Requirement >> Restate every line of the data word for word, except for the images.

Supplied records >>
########
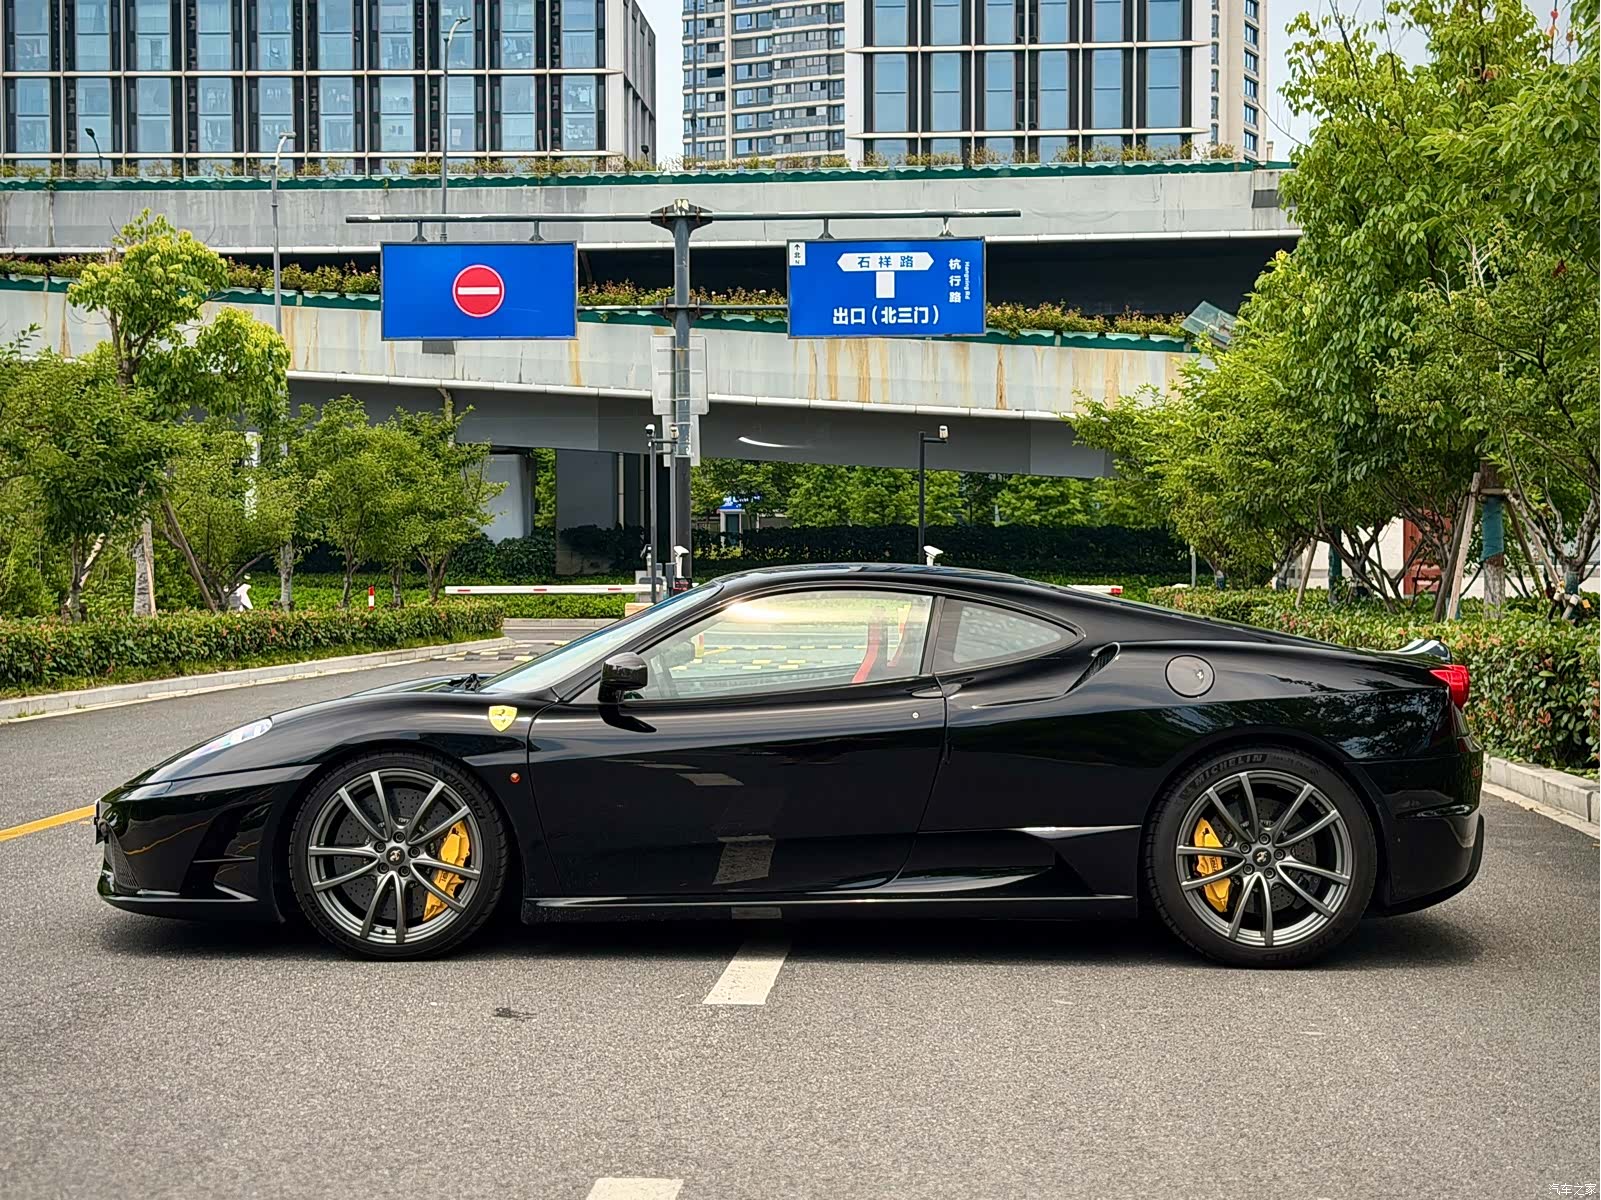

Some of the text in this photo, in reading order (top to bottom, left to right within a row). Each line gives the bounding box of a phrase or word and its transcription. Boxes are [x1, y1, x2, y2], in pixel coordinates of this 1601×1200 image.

[857, 255, 914, 268] 石祥路
[948, 258, 962, 303] 杭行路
[963, 261, 971, 300] Hangxing Rd
[832, 305, 940, 325] 出口（北三门）
[1194, 754, 1263, 785] MICHELIN
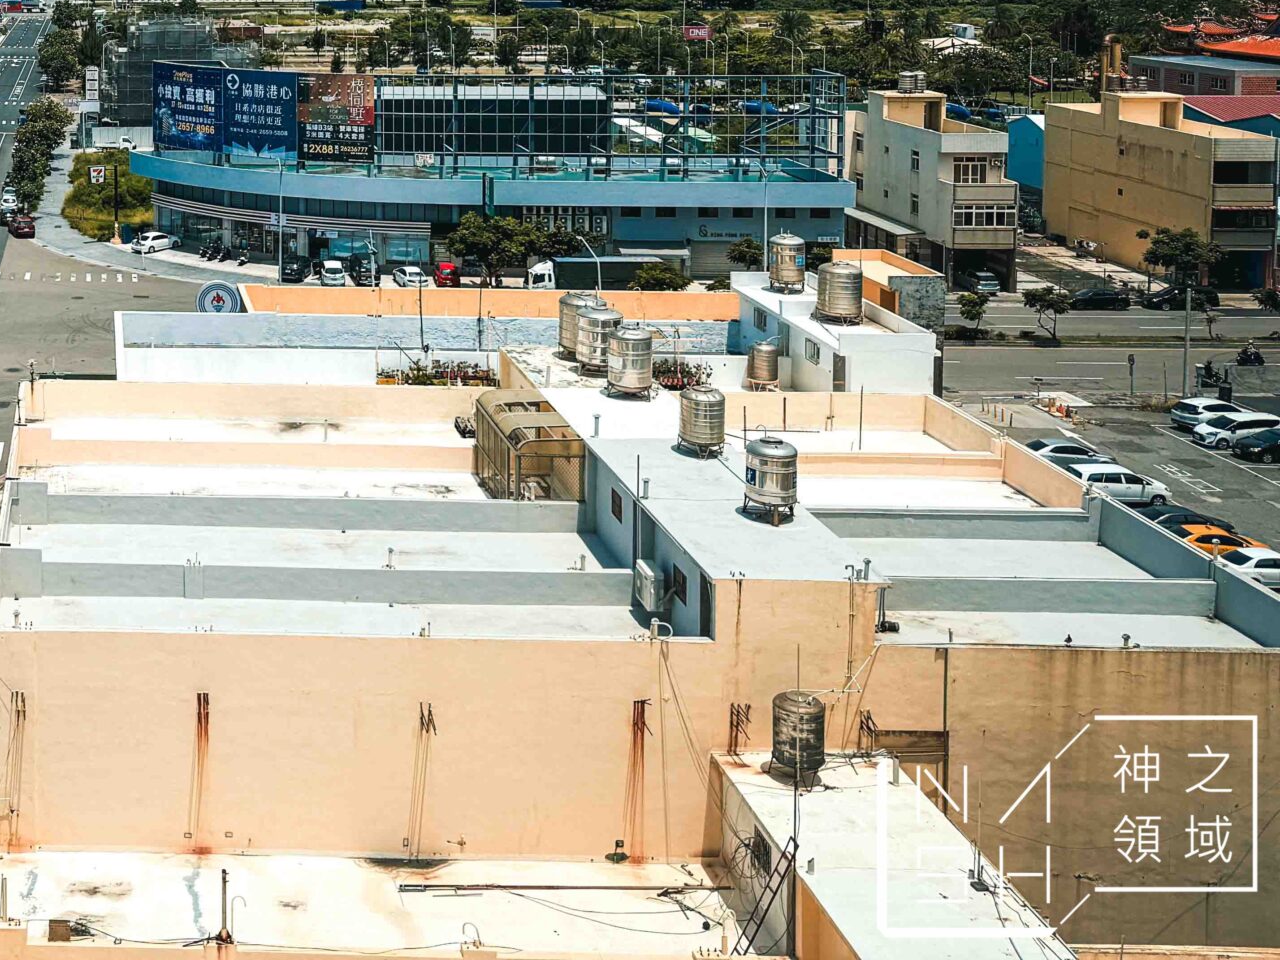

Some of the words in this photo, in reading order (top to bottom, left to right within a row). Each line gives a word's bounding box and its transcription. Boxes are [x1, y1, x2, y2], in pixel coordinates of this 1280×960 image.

[242, 83, 292, 100] 協勝港心
[309, 144, 334, 154] 2X88
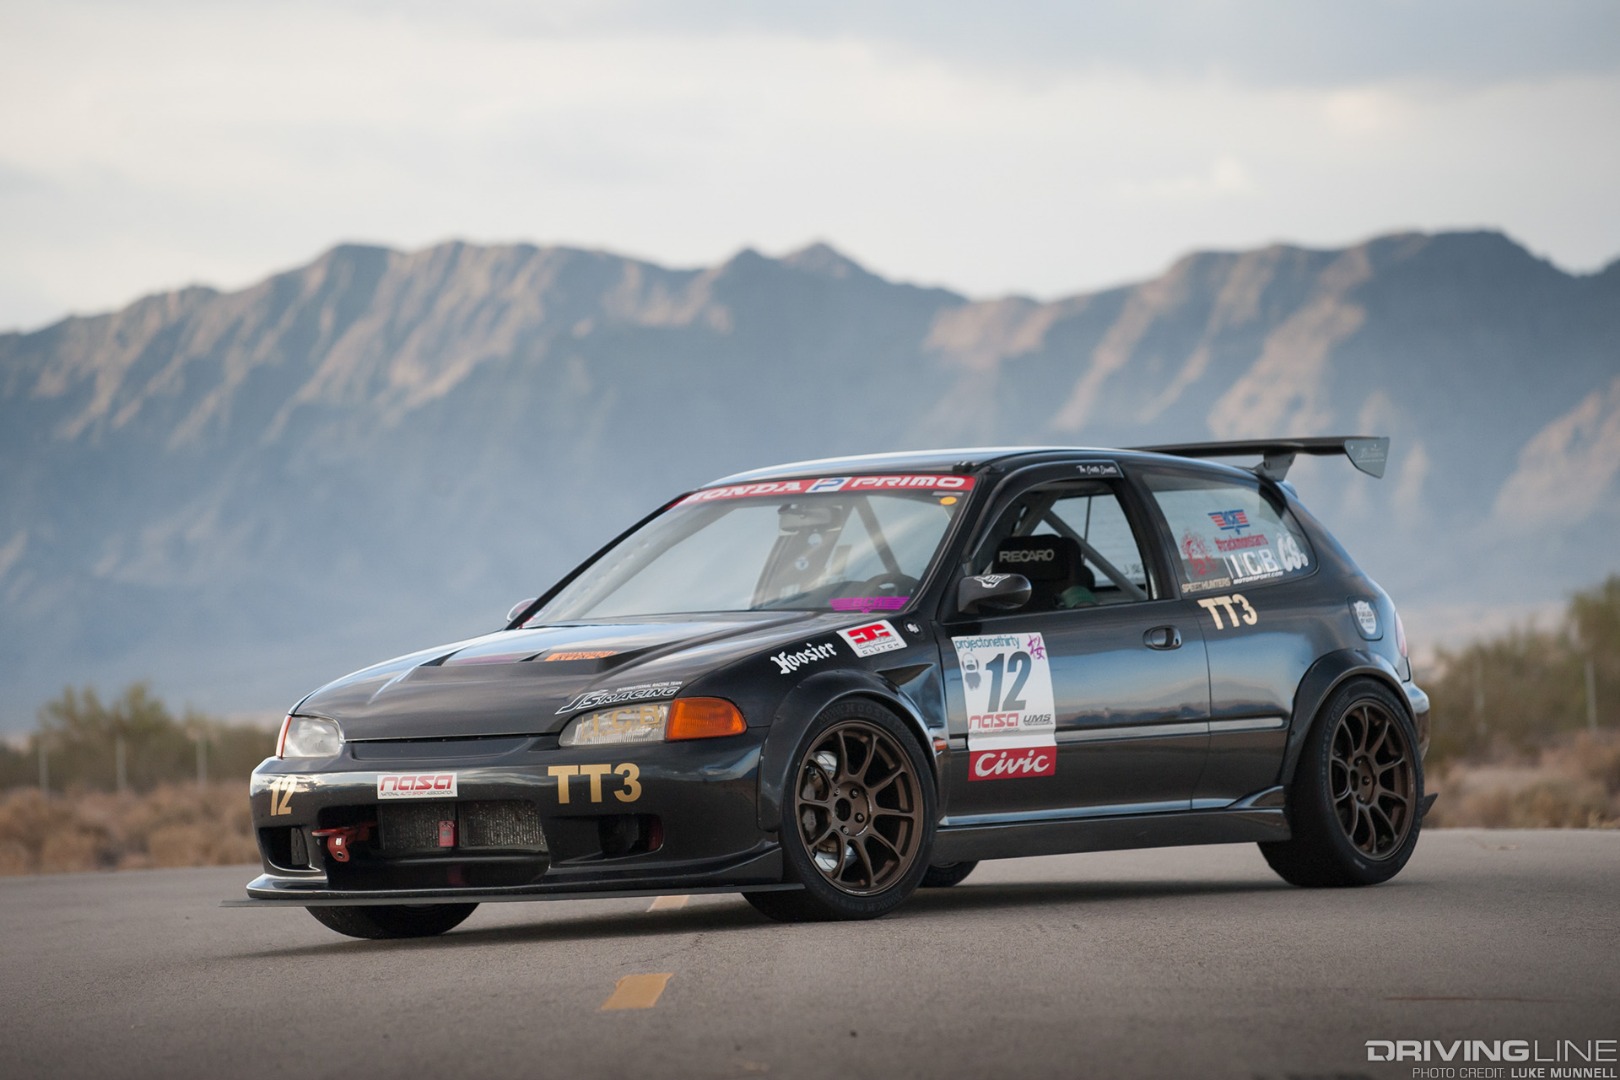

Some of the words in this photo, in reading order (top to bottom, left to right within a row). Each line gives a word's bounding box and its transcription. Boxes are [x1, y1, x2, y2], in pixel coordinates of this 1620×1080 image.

[851, 477, 965, 488] PRIMO
[999, 549, 1054, 563] RECARO
[1197, 593, 1258, 630] TT3
[861, 642, 900, 655] CLUTCH
[955, 635, 1020, 652] projectonethirty
[770, 643, 837, 675] Hoosier
[985, 651, 1032, 713] 12
[969, 712, 1019, 729] nasa
[1023, 713, 1051, 723] UMS
[975, 750, 1050, 777] Civic
[380, 775, 453, 791] nasa
[548, 763, 642, 804] TT3
[269, 775, 298, 817] 12
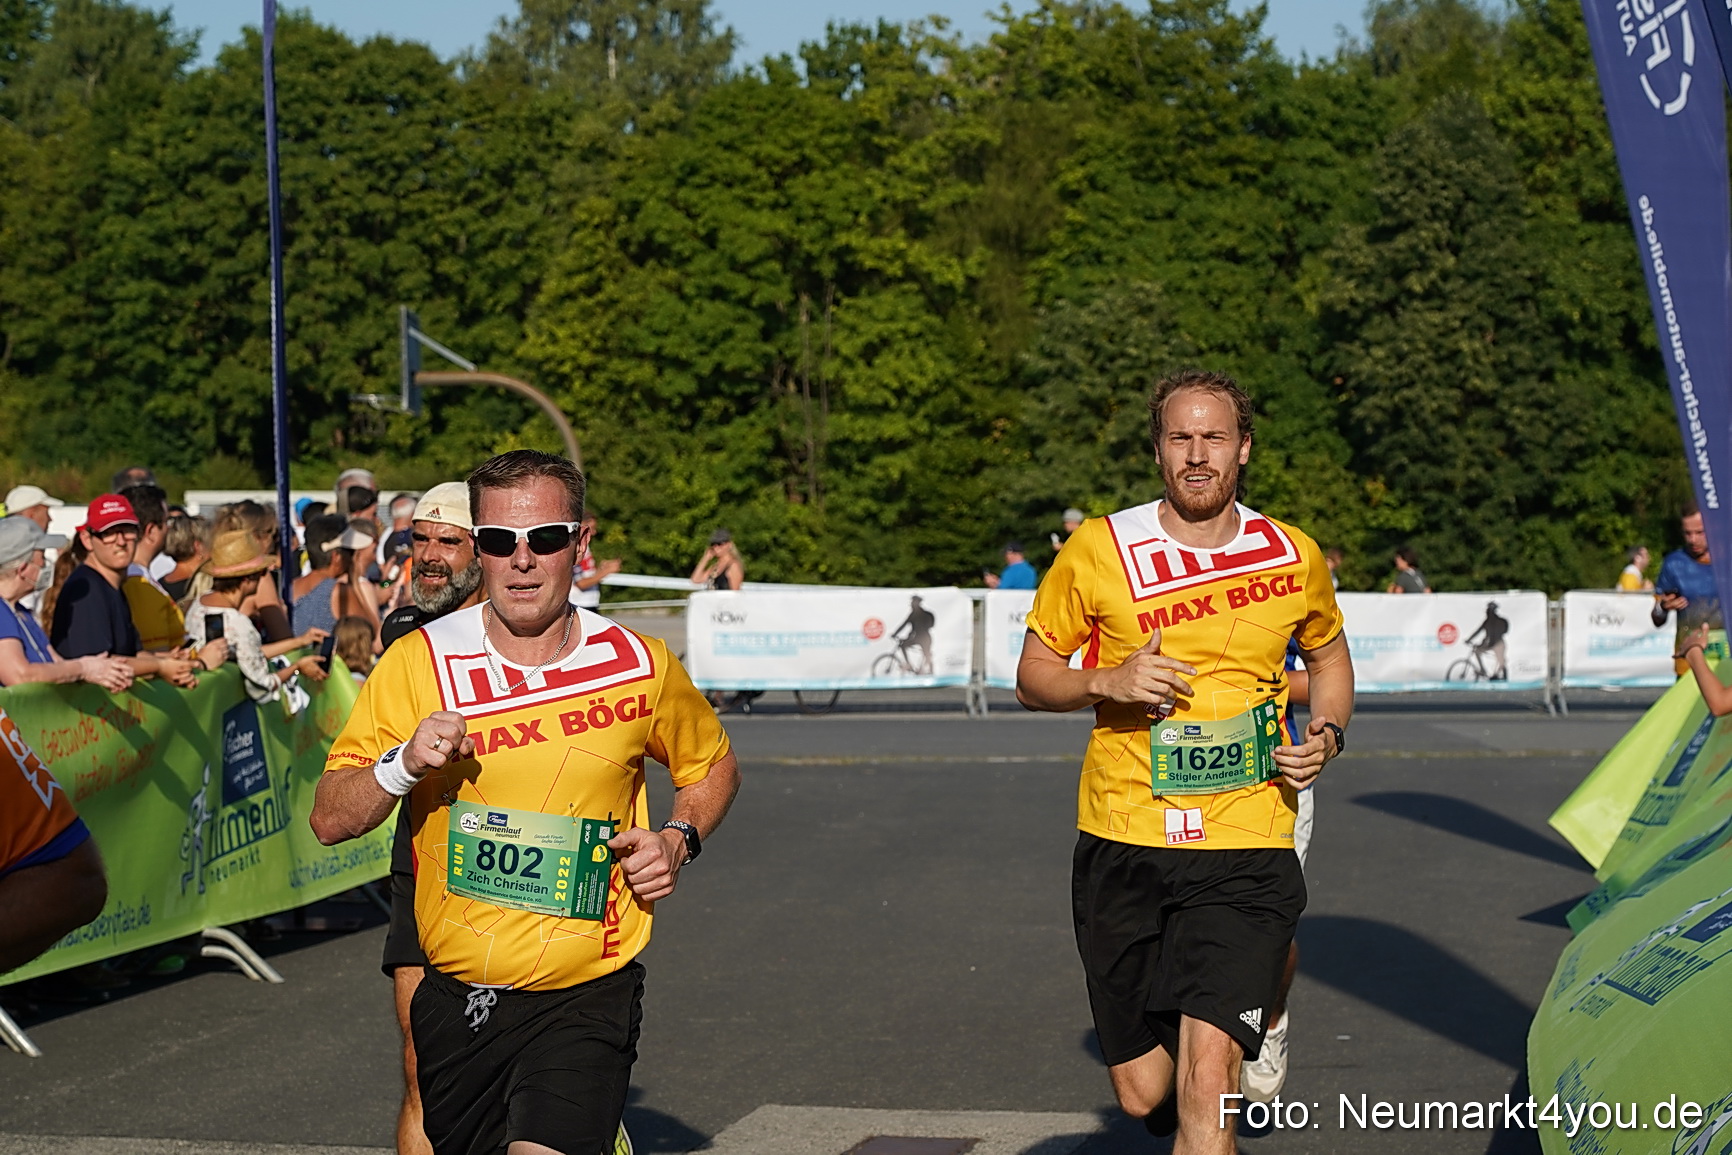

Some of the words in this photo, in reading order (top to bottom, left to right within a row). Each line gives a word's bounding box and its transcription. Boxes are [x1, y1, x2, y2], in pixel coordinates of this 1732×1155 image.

[1137, 594, 1218, 634] MAX
[1226, 574, 1303, 610] BÖGL
[559, 694, 653, 737] BÖGL
[1179, 733, 1214, 741] Firmenlauf
[1157, 753, 1168, 780] RUN
[1170, 742, 1243, 771] 1629
[1244, 741, 1255, 777] 2022
[1168, 772, 1202, 783] Stigler
[1204, 768, 1245, 781] Andreas
[480, 824, 522, 835] Firmenlauf
[495, 832, 521, 840] neumarkt
[453, 843, 465, 877] RUN
[476, 840, 544, 880] 802
[466, 870, 491, 886] Zich
[493, 876, 549, 895] Christian
[554, 856, 571, 902] 2022
[1239, 1012, 1261, 1034] adidas
########
Answer box >>
Some of the text in this photo, in reading order (top to bottom, left to right within a row). Each line gives the bounding box of a phrase or word and its transcription. Boxes are [x1, y1, x2, y2], in pixel coordinates of this 1601×1200 image.

[857, 255, 914, 268] 石祥路
[948, 258, 962, 303] 杭行路
[963, 261, 971, 300] Hangxing Rd
[832, 305, 940, 325] 出口（北三门）
[1194, 754, 1263, 785] MICHELIN

Some of the words in this photo, in reading order (top to bottom, left to right within a row). Each line gives a word's bounding box and its transcription. Boxes are [x1, y1, x2, y2], in pixel coordinates of this 1280×960 image.

[242, 83, 292, 100] 協勝港心
[309, 144, 334, 154] 2X88

Some of the words in this photo, in reading order (top to bottom, left to right within a row). Each line gives a word's bounding box and its transcription. Boxes are [x1, y1, x2, y2], in pixel coordinates of this 1620×1080 image.

[851, 477, 965, 488] PRIMO
[999, 549, 1054, 563] RECARO
[1197, 593, 1258, 630] TT3
[861, 642, 900, 655] CLUTCH
[955, 635, 1020, 652] projectonethirty
[770, 643, 837, 675] Hoosier
[985, 651, 1032, 713] 12
[969, 712, 1019, 729] nasa
[1023, 713, 1051, 723] UMS
[975, 750, 1050, 777] Civic
[380, 775, 453, 791] nasa
[548, 763, 642, 804] TT3
[269, 775, 298, 817] 12

Some of the words in this photo, in reading order (top to bottom, left to right within a row). Each line gives a word's bounding box and its transcription. Boxes are [x1, y1, x2, y2], in pixel coordinates of this 1732×1155 image.

[1137, 594, 1218, 634] MAX
[1226, 574, 1303, 610] BÖGL
[559, 694, 653, 737] BÖGL
[1179, 733, 1214, 741] Firmenlauf
[1157, 753, 1168, 780] RUN
[1170, 742, 1243, 771] 1629
[1244, 741, 1255, 777] 2022
[1168, 772, 1202, 783] Stigler
[1204, 768, 1245, 781] Andreas
[480, 824, 522, 835] Firmenlauf
[495, 832, 521, 840] neumarkt
[453, 843, 465, 877] RUN
[476, 840, 544, 880] 802
[466, 870, 491, 886] Zich
[493, 876, 549, 895] Christian
[554, 856, 571, 902] 2022
[1239, 1012, 1261, 1034] adidas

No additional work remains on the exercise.